By using cryptography, you can create a key pair consisting of a public key and a private key.
The public key is used to receive funds, similar to your bank account number. It can be publicly shared without risking losing your funds.
The private key is used to spend the funds, similar to your bank account password. You should never disclose it.
A wallet helps you to generate and manage such kind of key pairs because they are long alphanumeric strings and not easy to memorize.
To make bitcoin transaction easier in daily life, the public key is converted to a much shorter bitcoin address (33 or 34 characters) through a series of mathematical functions.
On most occasions, we use “public key” and “address” interchangeably.

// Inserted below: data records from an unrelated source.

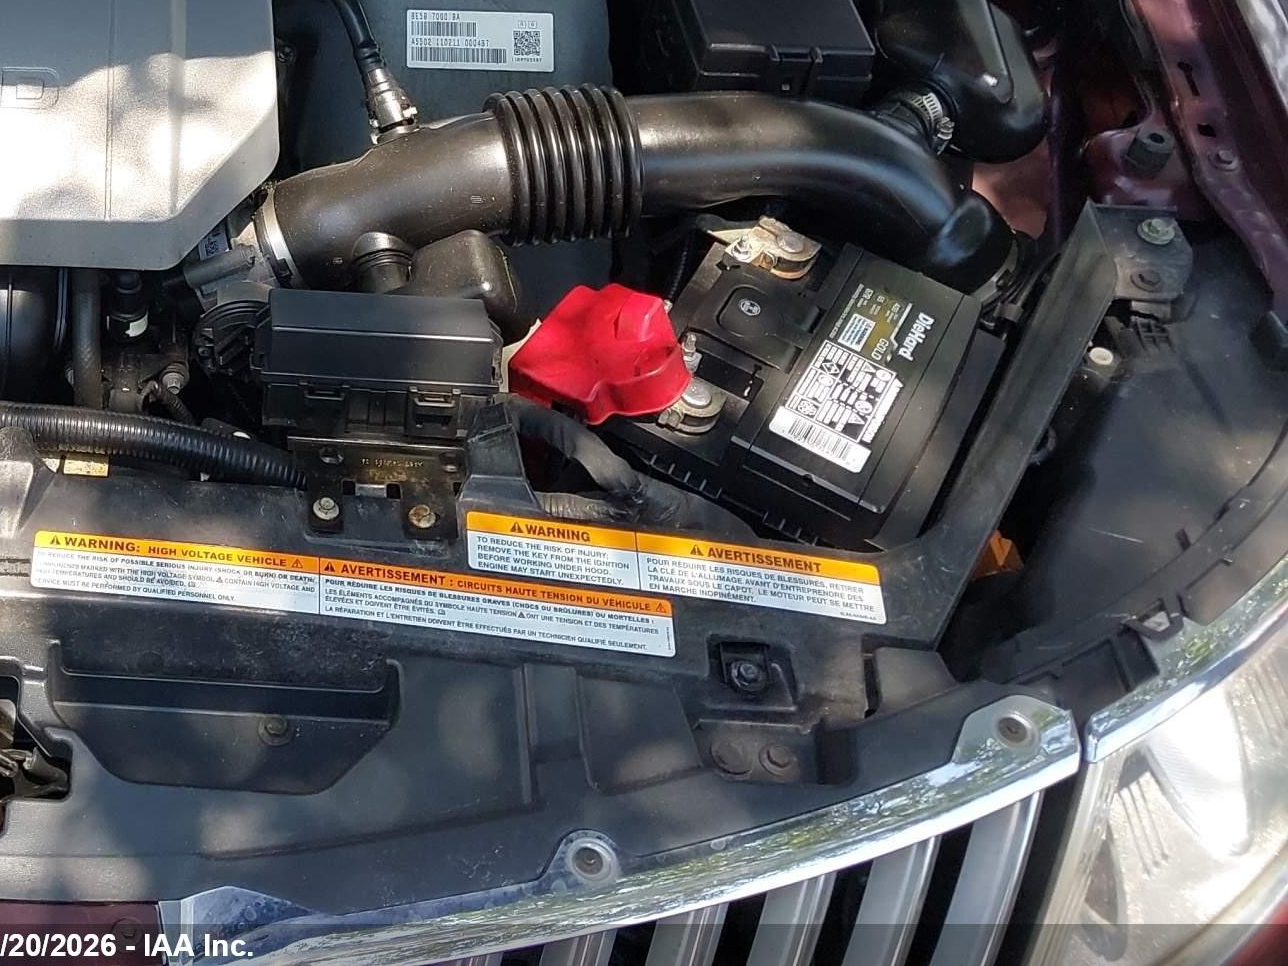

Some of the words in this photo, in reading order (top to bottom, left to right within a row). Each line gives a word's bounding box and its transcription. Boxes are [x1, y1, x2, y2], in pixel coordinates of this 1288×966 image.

[871, 337, 889, 361] GOLD
[897, 311, 935, 362] DieHard
[525, 523, 590, 541] WARNING
[64, 536, 140, 552] WARNING:
[148, 544, 176, 556] HIGH
[181, 547, 232, 561] VOLTAGE
[237, 552, 286, 566] VEHICLE
[477, 536, 487, 544] TO
[491, 538, 522, 548] REDUCE
[526, 542, 540, 551] THE
[543, 544, 561, 553] RISK
[564, 547, 574, 555] OF
[477, 544, 511, 554] REMOVE
[514, 549, 529, 557] THE
[532, 551, 547, 559] KEY
[550, 553, 573, 562] FROM
[576, 556, 591, 565] THE
[593, 559, 629, 569] IGNITION
[120, 558, 153, 567] POSSIBLE
[156, 561, 185, 570] SERIOUS
[187, 564, 212, 572] INJURY
[478, 552, 510, 563] BEFORE
[513, 557, 552, 568] WORKING
[554, 562, 582, 572] UNDER
[585, 566, 611, 575] HOOD.
[706, 546, 822, 572] AVERTISSEMENT
[118, 574, 144, 583] SHOULD
[157, 571, 186, 579] VOLTAGE
[187, 574, 214, 582] SYMBOL
[224, 577, 251, 586] CONTAIN
[270, 582, 302, 590] VOLTAGE
[340, 563, 444, 585] AVERTISSEMENT
[457, 577, 501, 592] CIRCUITS
[505, 583, 536, 597] HAUTE
[541, 587, 582, 602] TENSION
[586, 593, 599, 604] DU
[478, 560, 508, 571] ENGINE
[510, 564, 527, 573] MAY
[530, 567, 555, 577] START
[557, 570, 623, 586] UNEXPECTEDLY.
[646, 555, 669, 566] POUR
[708, 564, 724, 574] LES
[726, 566, 762, 579] RISQUES
[764, 572, 775, 581] DE
[777, 574, 827, 589] BLESSURES,
[829, 581, 864, 594] RETIRER
[647, 564, 658, 573] LA
[677, 568, 688, 577] DE
[691, 570, 742, 585] L'ALLUMAGE
[744, 578, 771, 589] AVANT
[772, 582, 845, 599] D'ENTREPRENDRE
[847, 592, 863, 602] DES
[142, 586, 176, 595] QUALIFIED
[178, 590, 215, 599] PERSONNEL
[217, 593, 235, 601] ONLY.
[325, 578, 344, 586] POUR
[379, 584, 392, 592] LES
[395, 586, 425, 596] RISQUES
[439, 591, 479, 602] BLESSURES
[482, 597, 510, 606] GRAVES
[512, 600, 538, 609] (CHOCS
[607, 612, 649, 623] MORTELLES
[364, 600, 391, 609] DOIVENT
[648, 573, 685, 585] TRAVAUX
[687, 579, 710, 588] SOUS
[712, 582, 722, 590] LE
[770, 590, 804, 601] MOTEUR
[806, 595, 827, 605] PEUT
[842, 600, 875, 611] METTRE
[648, 581, 659, 590] EN
[661, 583, 697, 595] MARCHE
[699, 588, 756, 603] INOPINÉMENT.
[325, 587, 336, 595] LES
[424, 599, 432, 607] DU
[434, 600, 464, 610] SYMBOLE
[466, 604, 487, 613] HAUTE
[489, 607, 516, 617] TENSION
[526, 611, 539, 619] ONT
[540, 613, 553, 621] UNE
[555, 615, 582, 625] TENSION
[584, 618, 592, 626] ET
[593, 619, 606, 628] DES
[325, 604, 333, 612] LA
[334, 605, 374, 617] RÉPARATION
[376, 610, 384, 618] ET
[386, 611, 426, 623] L'ENTRETIEN
[428, 616, 455, 626] DOIVENT
[513, 627, 525, 635] PAR
[527, 628, 536, 636] UN
[538, 630, 575, 641] TECHNICIEN
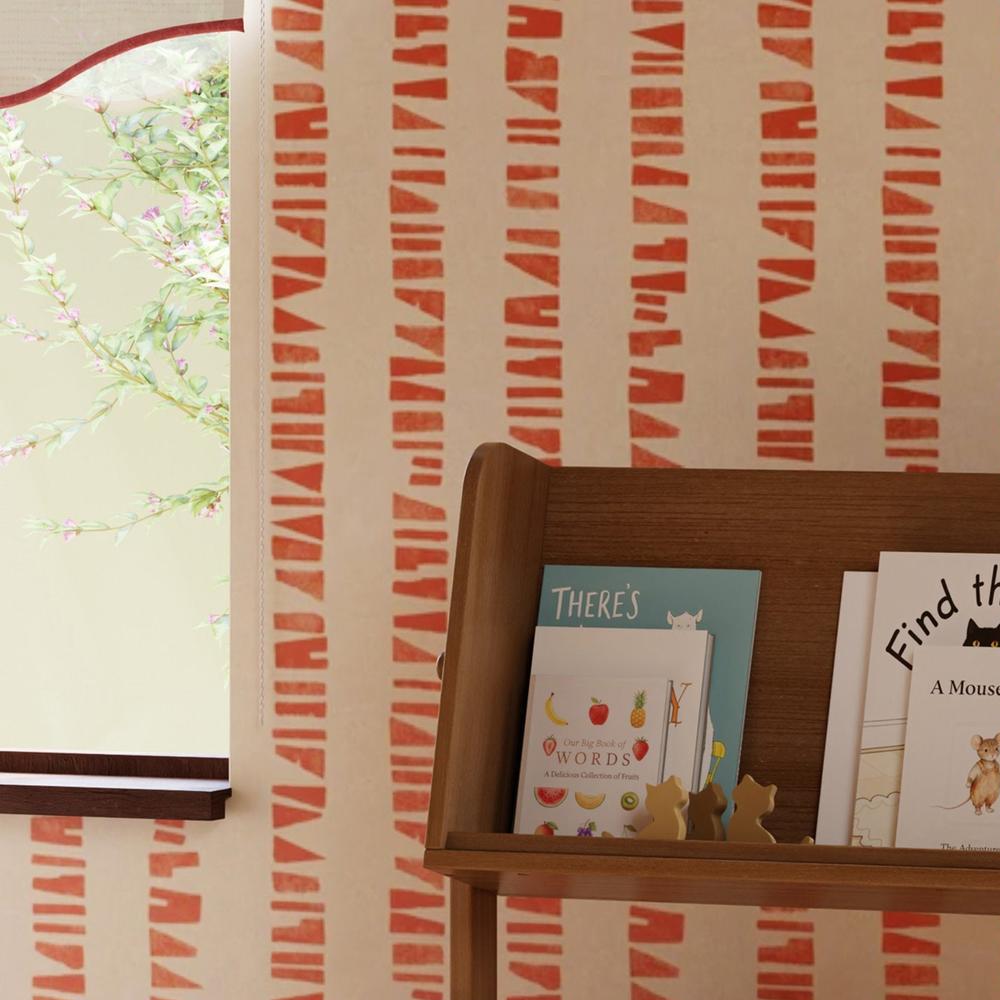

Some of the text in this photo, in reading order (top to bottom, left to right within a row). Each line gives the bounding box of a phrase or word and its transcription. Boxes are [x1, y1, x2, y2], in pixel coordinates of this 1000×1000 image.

[551, 583, 641, 620] THERE'S
[886, 578, 959, 671] Find
[930, 680, 944, 695] A
[556, 751, 632, 767] WORDS
[543, 770, 550, 778] A
[551, 770, 580, 779] Delicious
[580, 771, 613, 780] Collection
[613, 772, 621, 780] of

We present our bitcoin address instead of the public key when we want to receive funds. We rarely see our actual public keys in bitcoin daily usage.
You can also think of your phone number as your bitcoin address, and it allows others to call you easily. Your SIM card is your private key and if you lose it, you lose control of your identity. The IMEI identifier of your phone is similar to the public key, which can be used to uniquely identify you, but it is too long and used internally and rarely shown to users.

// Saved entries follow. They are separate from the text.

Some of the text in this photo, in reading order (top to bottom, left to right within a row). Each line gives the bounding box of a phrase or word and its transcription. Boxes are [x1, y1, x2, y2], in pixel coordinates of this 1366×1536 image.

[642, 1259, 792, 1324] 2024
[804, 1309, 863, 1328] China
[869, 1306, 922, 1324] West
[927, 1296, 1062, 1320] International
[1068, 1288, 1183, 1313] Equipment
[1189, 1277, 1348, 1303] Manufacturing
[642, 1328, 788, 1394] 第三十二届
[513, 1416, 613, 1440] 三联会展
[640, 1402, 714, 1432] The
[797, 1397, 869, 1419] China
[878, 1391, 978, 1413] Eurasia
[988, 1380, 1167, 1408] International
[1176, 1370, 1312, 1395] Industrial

From your private key, we can calculate your public key; and thru your public key, we can calculate your bitcoin address. But it cannot be done in the opposite direction. Therefore, as long as you keep your private key in a safe place, you are in full control of your fund.
Intermediate
In Bitcoin, we use elliptic curve multiplication as the basis for its cryptography. The curve determines the mathematical relationship between the public key and the private key.
The private key is not used to encrypt your fund, instead, to sign a message, usually a transaction. It is similar to your signature on the cheque, which enables you to prove your ownership and spend the fund in the bank.
By applying a signing algorithm (e.g. DSA) between your private key and the transaction message, a unique digital signature can be generated. Anyone with your public key can verify the signature was generated by you and the message was not altered in transit.
This useful property allows the private key owner to prove its ownership of the source of the information without revealing the private key, and anyone with the public key to verify the signature without knowing the private key.
The relationship between the private key and public key is fixed, but can only be calculated in one direction, from private to public. We call such kind of relationship as “asymmetric”. It is guaranteed by math.
Such kind of asymmetric cryptography has been widely used on the internet nowadays to prove the authenticity of a digital identity, such as a website, an email message, a electronic document, a bank transaction and so on.
Advanced
ECDSA or Elliptic Curve Digital Signature Algorithm is the core of bitcoin cryptographic algorithm which defines how bitcoin private key and public key are generated.
From the public key, we can derive the “raw” bitcoin address using SHA256 and RIPEMD160 one-way functions.
To help human readability, avoid ambiguity and protect against errors, we use “Base58Check” to encode the “raw” bitcoin address, which is the ultimate address (33 or 34 characters) we see in daily transactions.
Full Path From Private Key to Bitcoin Address
Base58 uses all letters (lowercase & uppercase) and numbers except (0, O, l, I) to represent the 160-bit “raw” bitcoin address.
Base58Check adds version number and error-checking code at the beginning and end of the address, which boosts its flexibility and security.